The coincidence of the birefringence shifts found in both writing polarization conditions (Fig. 5) suggests that the laser stress inducing effects are independent of the writing laser polarization. The nanograting generated form birefringence is only present in the perpendicular polarization case which is in agreement with the expected nanograting orientation, as the nanogratings generated by the parallel polarized writing have no periodicity components in any of the V and H polarization directions. In contrast, the birefringence induced due to material stress is equally present in both cases.

With the inclusion of stress tracks surrounding the waveguides, it is now possible to tune the birefringence from < 4 × 10−6 up to 2.52×10−4 with parallel polarization of the writing laser and from 1.71×10−4 up to 4.35×10−4 with perpendicular polarization of the writing laser. The higher birefringence values made available may permit the design of shorter components for polarization beam splitters [20] or wave retarders [21]. Table 2 summarizes the characteristics of a zero-order half-wave plate calculated with the birefringence values for each writing condition and with the total insertion losses projected for that devices based on the calculated length and on the propagation losses.
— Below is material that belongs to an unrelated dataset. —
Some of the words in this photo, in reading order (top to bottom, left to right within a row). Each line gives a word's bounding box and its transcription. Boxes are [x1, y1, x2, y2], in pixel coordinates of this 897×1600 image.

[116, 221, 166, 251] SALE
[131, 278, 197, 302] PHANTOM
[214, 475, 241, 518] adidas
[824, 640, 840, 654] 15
A zero-order half-wave plate with as little as 1.8 mm length is possible to obtain with this technique, which is more than half as short as the 4 mm length device minimum found previously [21] with the same femtosecond laser writing arrangement.

Tables Icon

Table 2. Summary of maximum and minimum birefringence and minimum zero-order half-wave plate lengths for different waveguide writing conditions.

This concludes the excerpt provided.